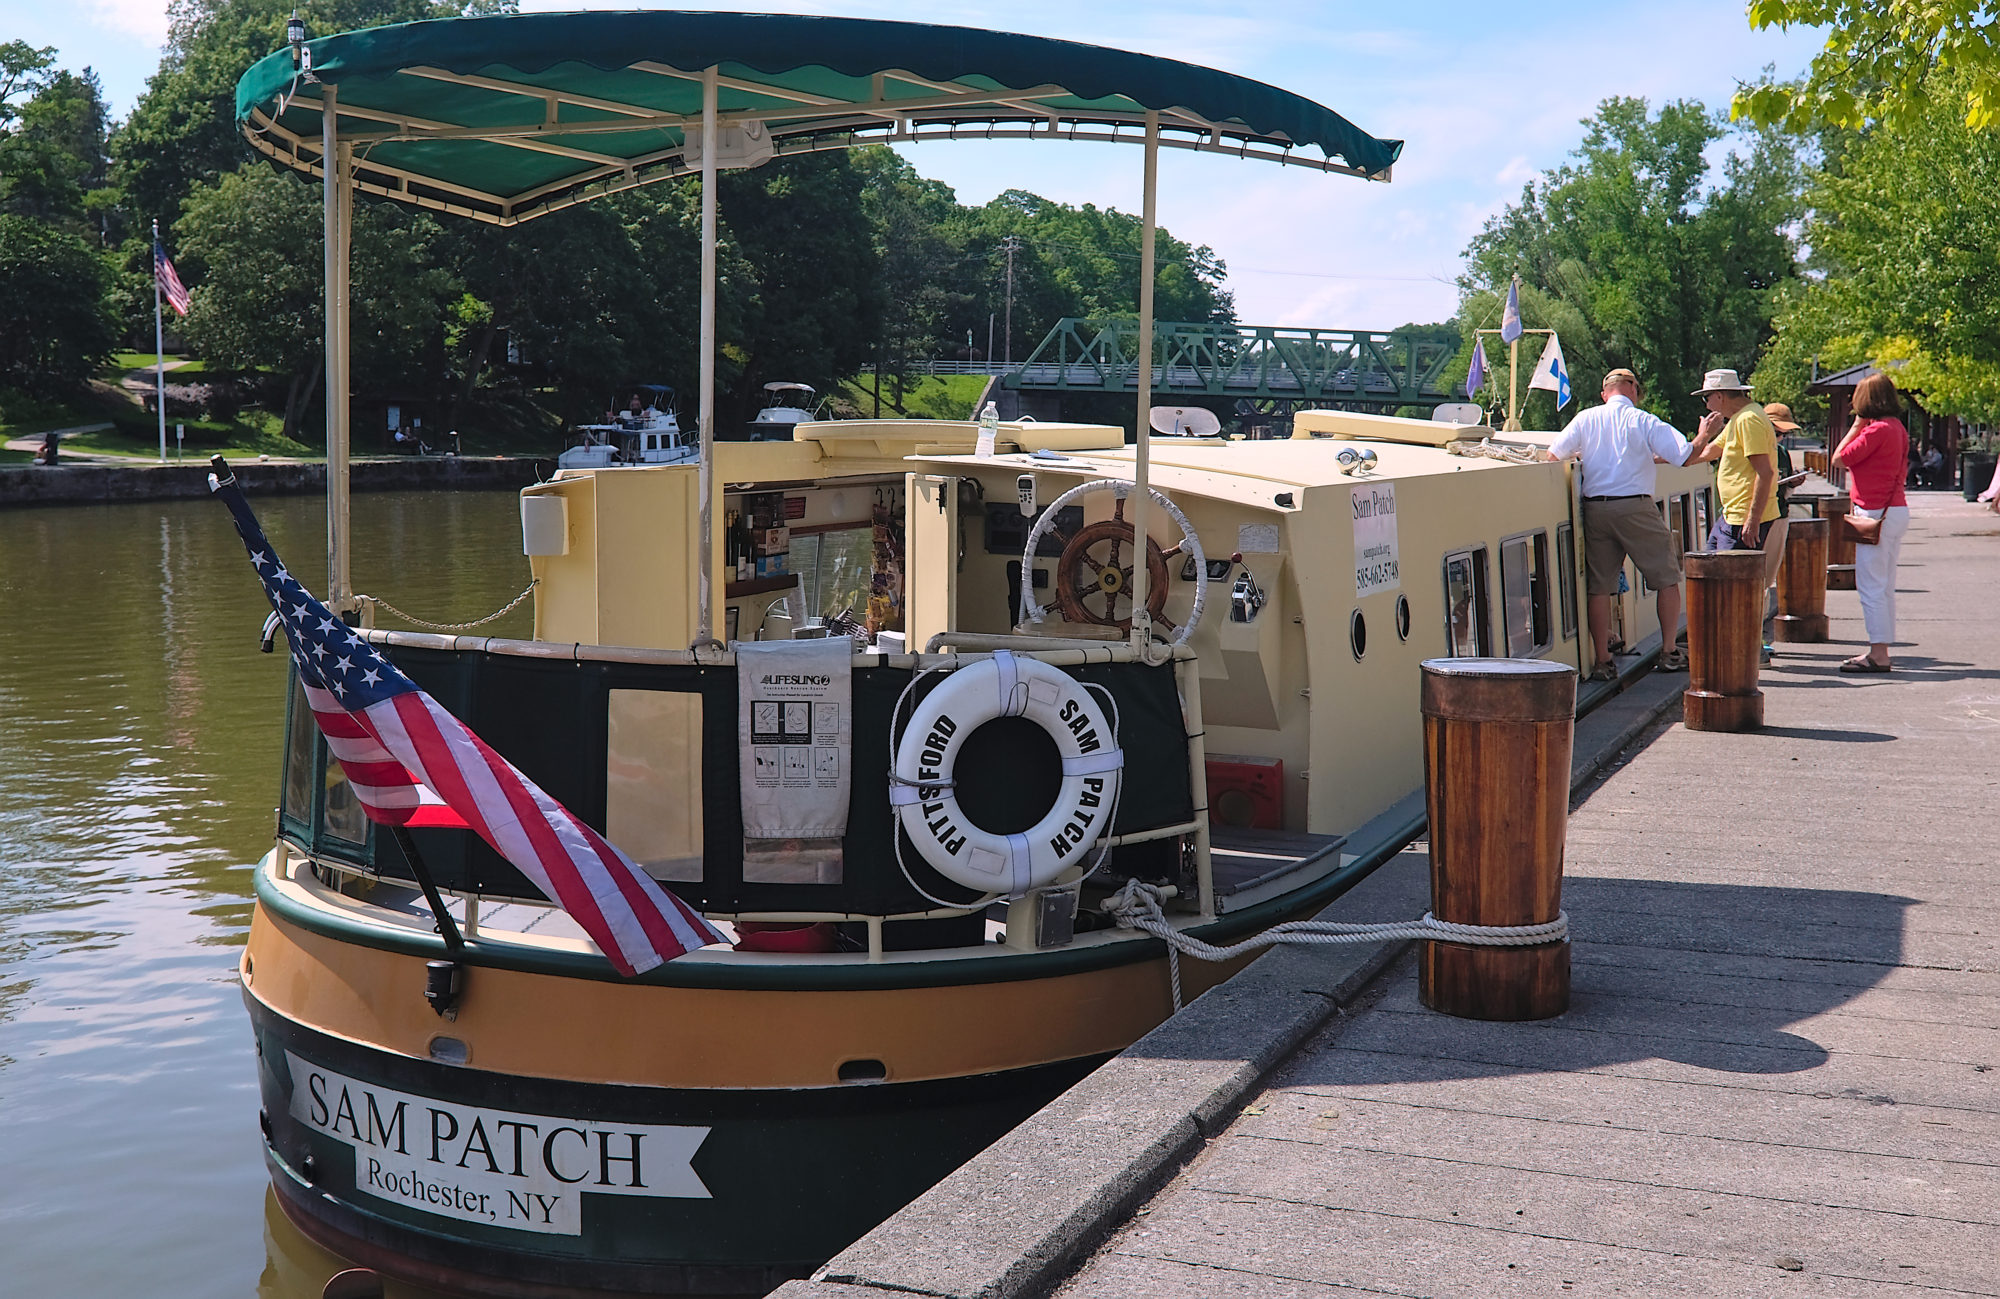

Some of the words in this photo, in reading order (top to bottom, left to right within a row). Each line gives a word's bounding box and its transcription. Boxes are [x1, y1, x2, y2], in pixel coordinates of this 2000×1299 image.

[1351, 492, 1372, 520] Sam
[1372, 488, 1395, 517] Patch
[1356, 560, 1399, 590] 585-662-5748
[1363, 543, 1391, 560] sampatch.org
[1059, 699, 1101, 755] SAM
[918, 714, 967, 857] PITTSFORD
[1050, 777, 1104, 859] PATCH
[309, 1072, 411, 1156] SAM
[426, 1107, 649, 1188] PATCH
[367, 1157, 497, 1222] Rochester,
[507, 1190, 561, 1224] NY
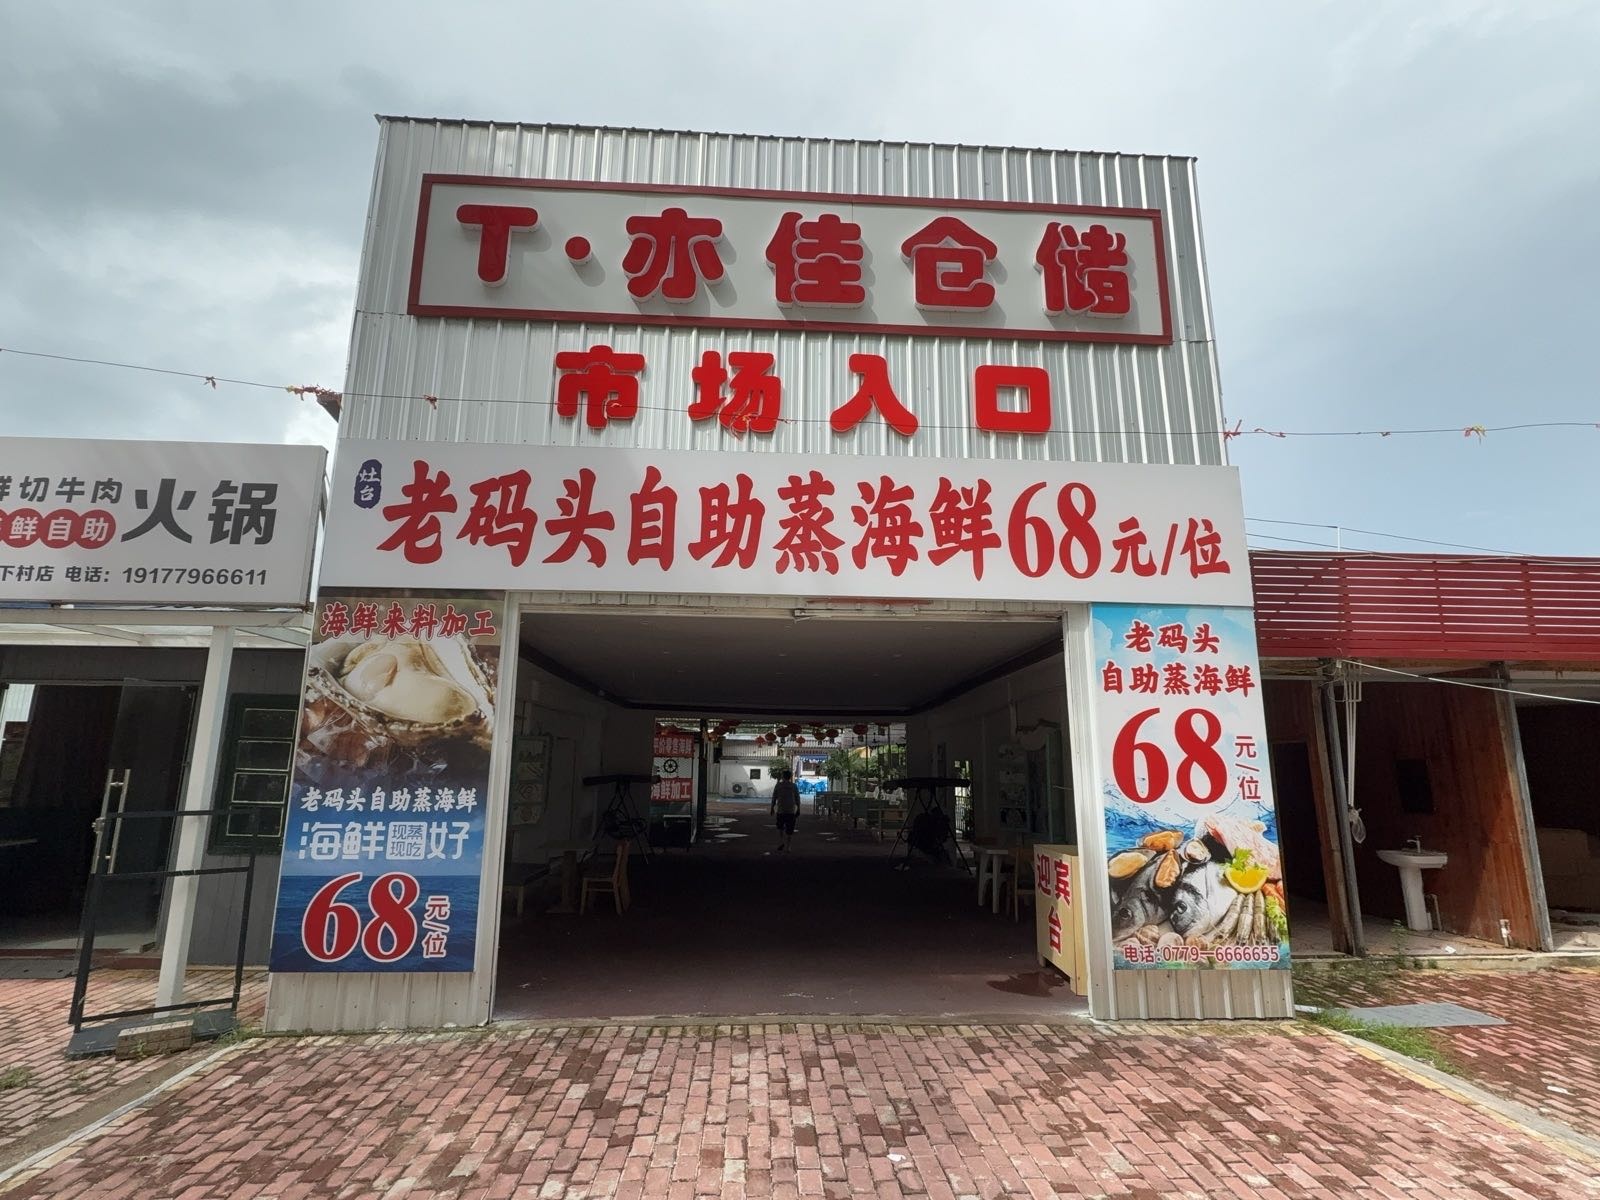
------------------------------------------------------------
Your instructions >> Leave every image out, and retype the material exactly.

Answer to this exercise >>
Some of the words in this photo, in reading order (top to bottom, left to right within a row). Each line gives a word's bounding box and its transcription. Boxes are [x1, y1, x2, y2], in pixel coordinates of this 2000×1299 image.

[1351, 492, 1372, 520] Sam
[1372, 488, 1395, 517] Patch
[1356, 560, 1399, 590] 585-662-5748
[1363, 543, 1391, 560] sampatch.org
[1059, 699, 1101, 755] SAM
[918, 714, 967, 857] PITTSFORD
[1050, 777, 1104, 859] PATCH
[309, 1072, 411, 1156] SAM
[426, 1107, 649, 1188] PATCH
[367, 1157, 497, 1222] Rochester,
[507, 1190, 561, 1224] NY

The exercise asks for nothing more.